Transcribe the listing below exactly, without pictures.

▶ **Material to process**:
────────────────────────────────────────

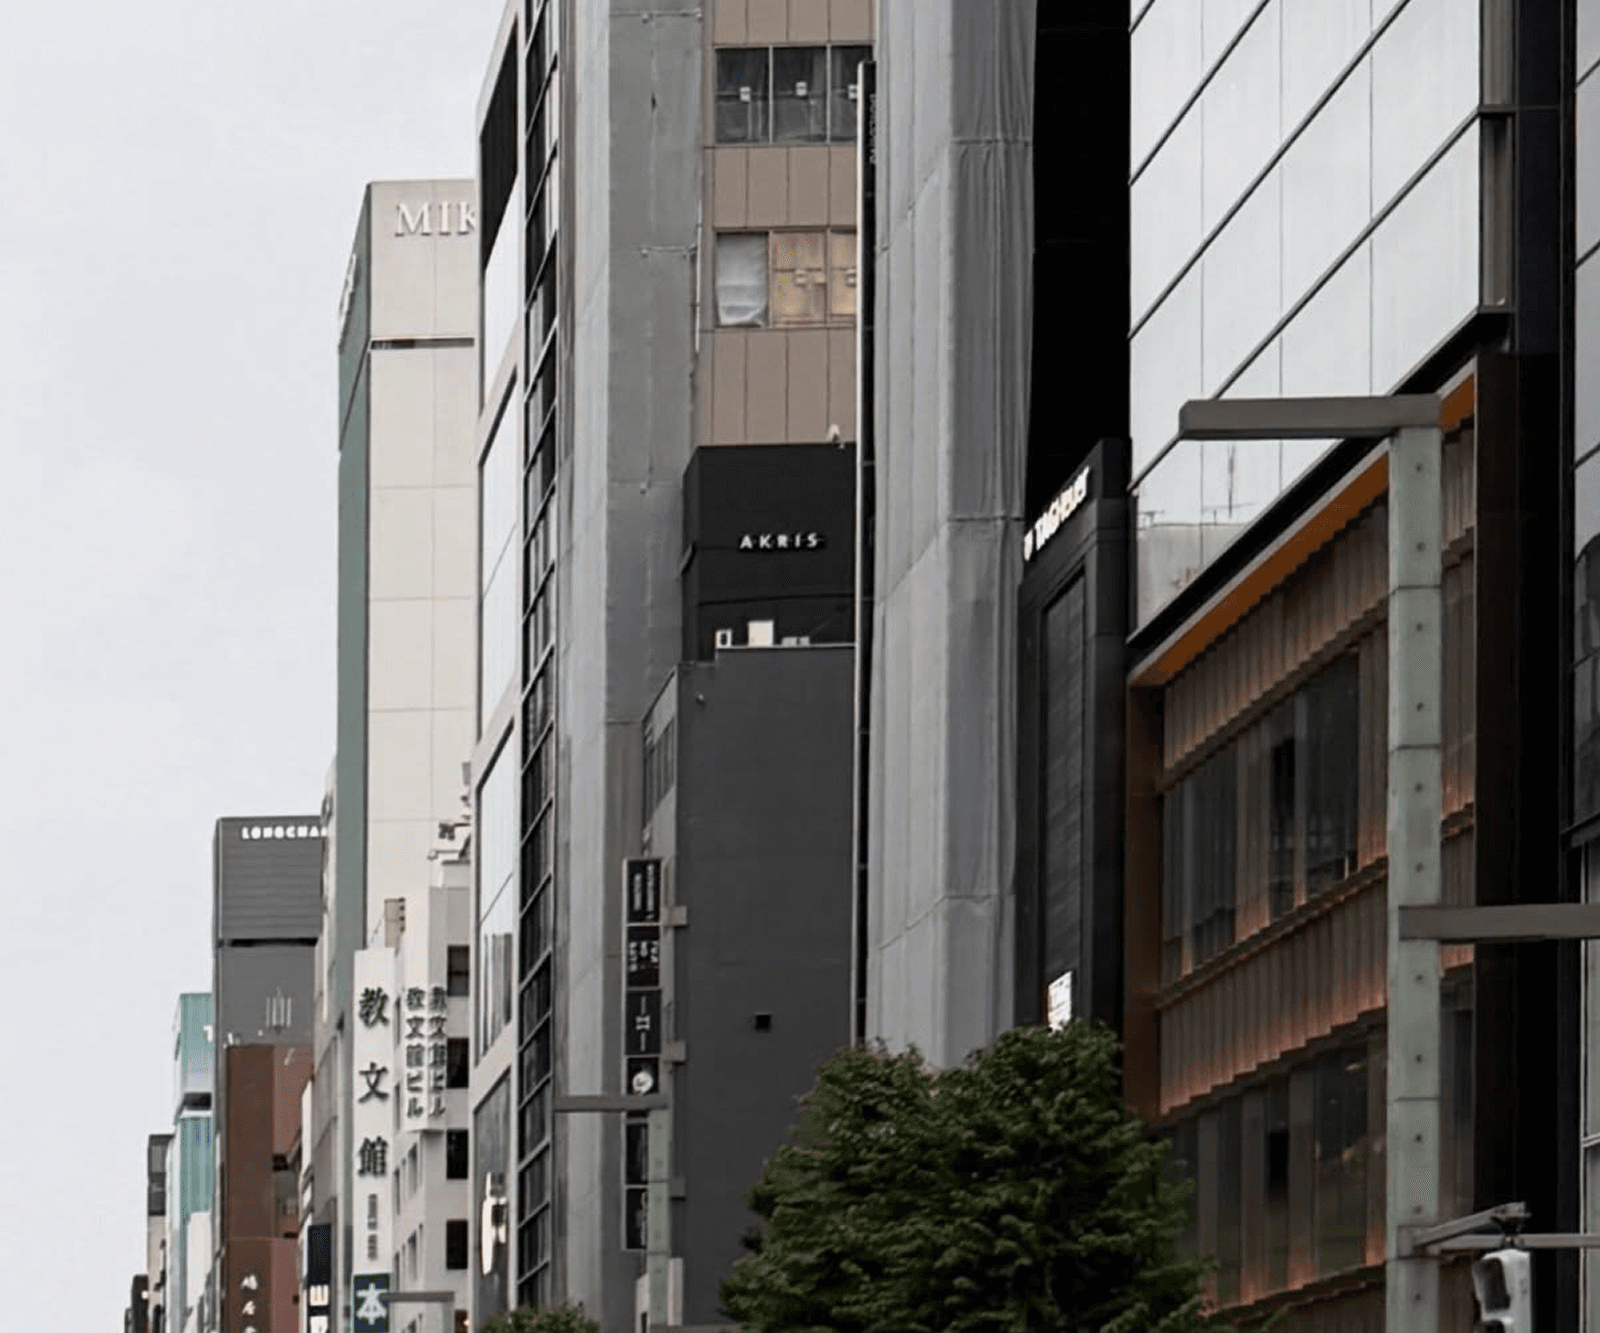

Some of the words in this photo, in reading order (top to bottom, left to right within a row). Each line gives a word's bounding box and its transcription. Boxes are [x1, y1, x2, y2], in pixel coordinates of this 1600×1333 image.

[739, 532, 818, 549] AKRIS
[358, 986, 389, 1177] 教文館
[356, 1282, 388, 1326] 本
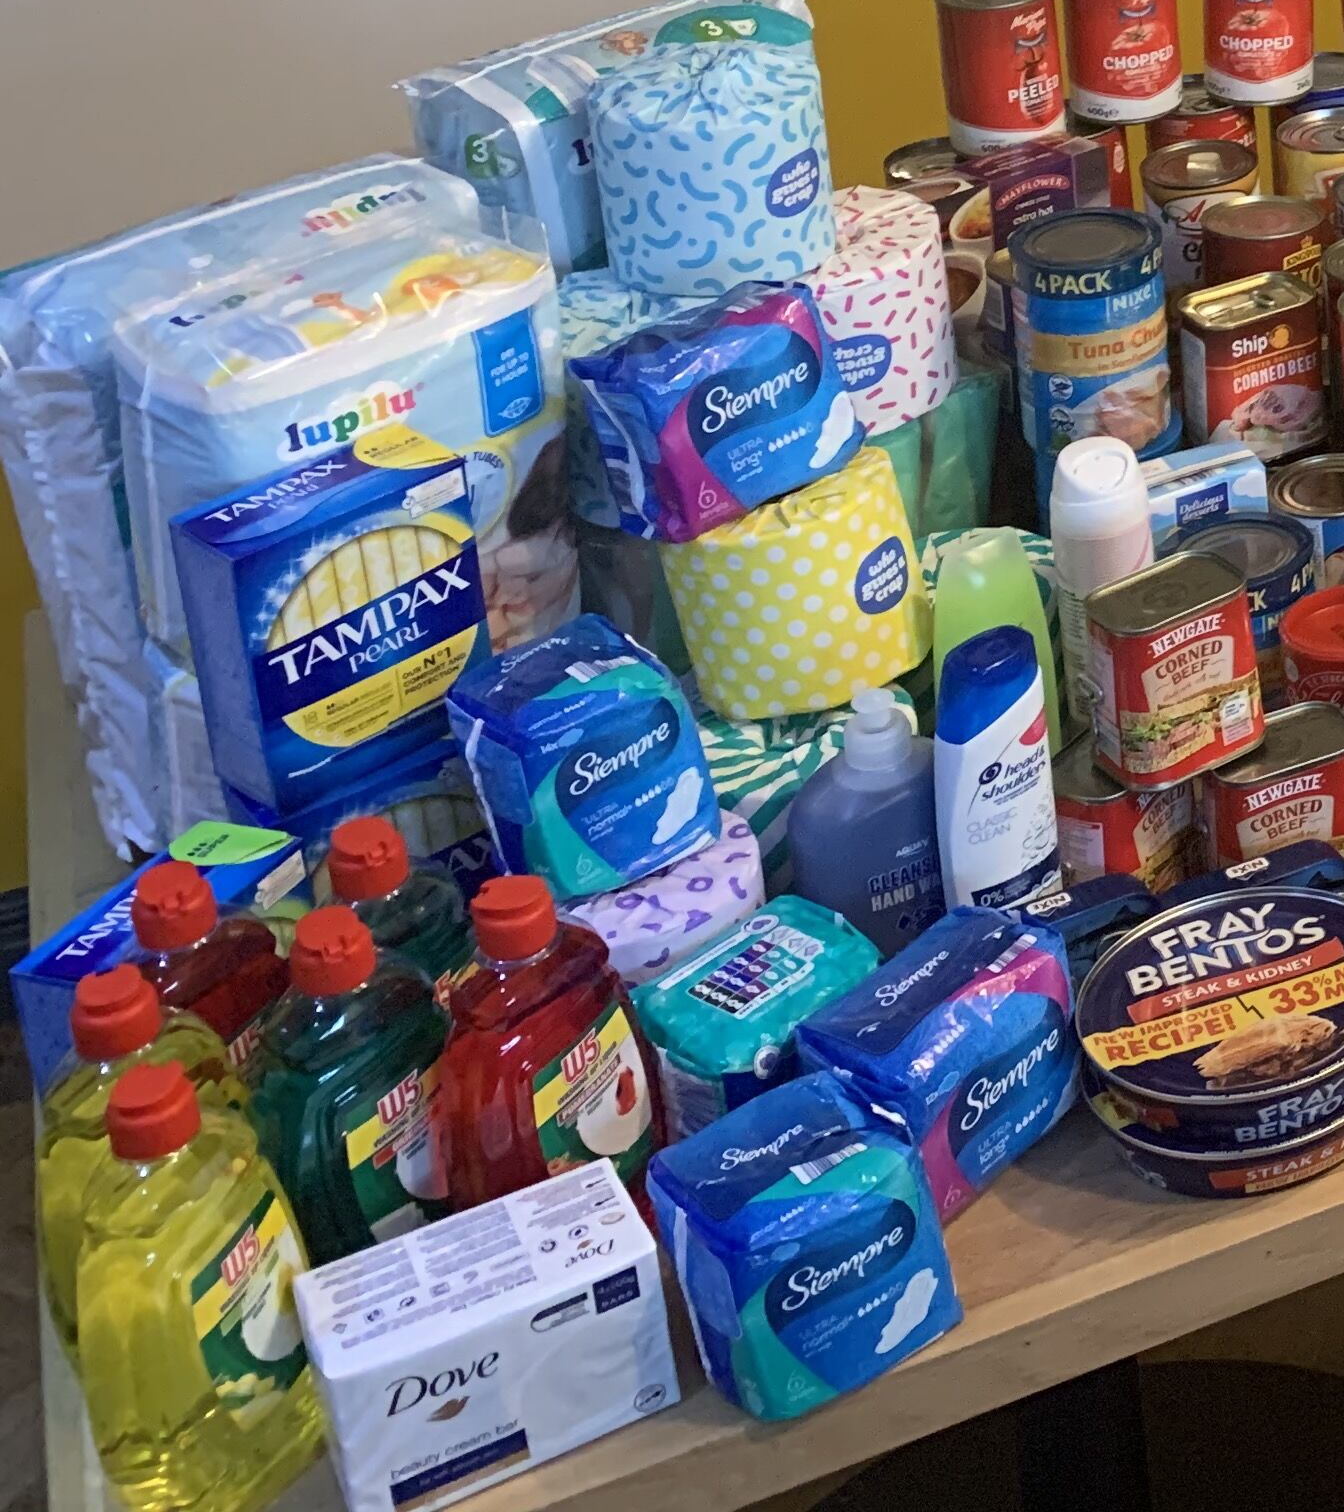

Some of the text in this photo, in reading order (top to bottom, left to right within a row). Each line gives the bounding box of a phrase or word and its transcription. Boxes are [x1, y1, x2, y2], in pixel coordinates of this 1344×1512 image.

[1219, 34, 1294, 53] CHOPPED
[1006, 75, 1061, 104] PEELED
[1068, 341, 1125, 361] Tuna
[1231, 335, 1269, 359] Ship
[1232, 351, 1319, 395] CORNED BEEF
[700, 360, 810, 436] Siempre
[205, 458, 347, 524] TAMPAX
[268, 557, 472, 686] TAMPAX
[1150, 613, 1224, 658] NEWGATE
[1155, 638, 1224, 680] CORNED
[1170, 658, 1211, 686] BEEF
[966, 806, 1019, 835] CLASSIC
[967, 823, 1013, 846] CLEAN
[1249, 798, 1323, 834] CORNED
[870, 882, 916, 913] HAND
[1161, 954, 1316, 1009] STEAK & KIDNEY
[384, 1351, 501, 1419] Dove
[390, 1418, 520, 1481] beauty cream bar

────────────────────────────────────────

▶ **Written response**:
Some of the words in this photo, in reading order (top to bottom, left to right within a row). Each line gives a word's bounding box and its transcription. Boxes are [x1, y1, x2, y2], in pixel coordinates of this 1600×1333 image.

[739, 532, 818, 549] AKRIS
[358, 986, 389, 1177] 教文館
[356, 1282, 388, 1326] 本

Some of the text in this photo, in reading order (top to bottom, left to right within a row). Each line gives the bounding box of a phrase or word and its transcription. Boxes are [x1, y1, x2, y2], in pixel coordinates of this 1344×1512 image.

[1219, 34, 1294, 53] CHOPPED
[1006, 75, 1061, 104] PEELED
[1068, 341, 1125, 361] Tuna
[1231, 335, 1269, 359] Ship
[1232, 351, 1319, 395] CORNED BEEF
[700, 360, 810, 436] Siempre
[205, 458, 347, 524] TAMPAX
[268, 557, 472, 686] TAMPAX
[1150, 613, 1224, 658] NEWGATE
[1155, 638, 1224, 680] CORNED
[1170, 658, 1211, 686] BEEF
[966, 806, 1019, 835] CLASSIC
[967, 823, 1013, 846] CLEAN
[1249, 798, 1323, 834] CORNED
[870, 882, 916, 913] HAND
[1161, 954, 1316, 1009] STEAK & KIDNEY
[384, 1351, 501, 1419] Dove
[390, 1418, 520, 1481] beauty cream bar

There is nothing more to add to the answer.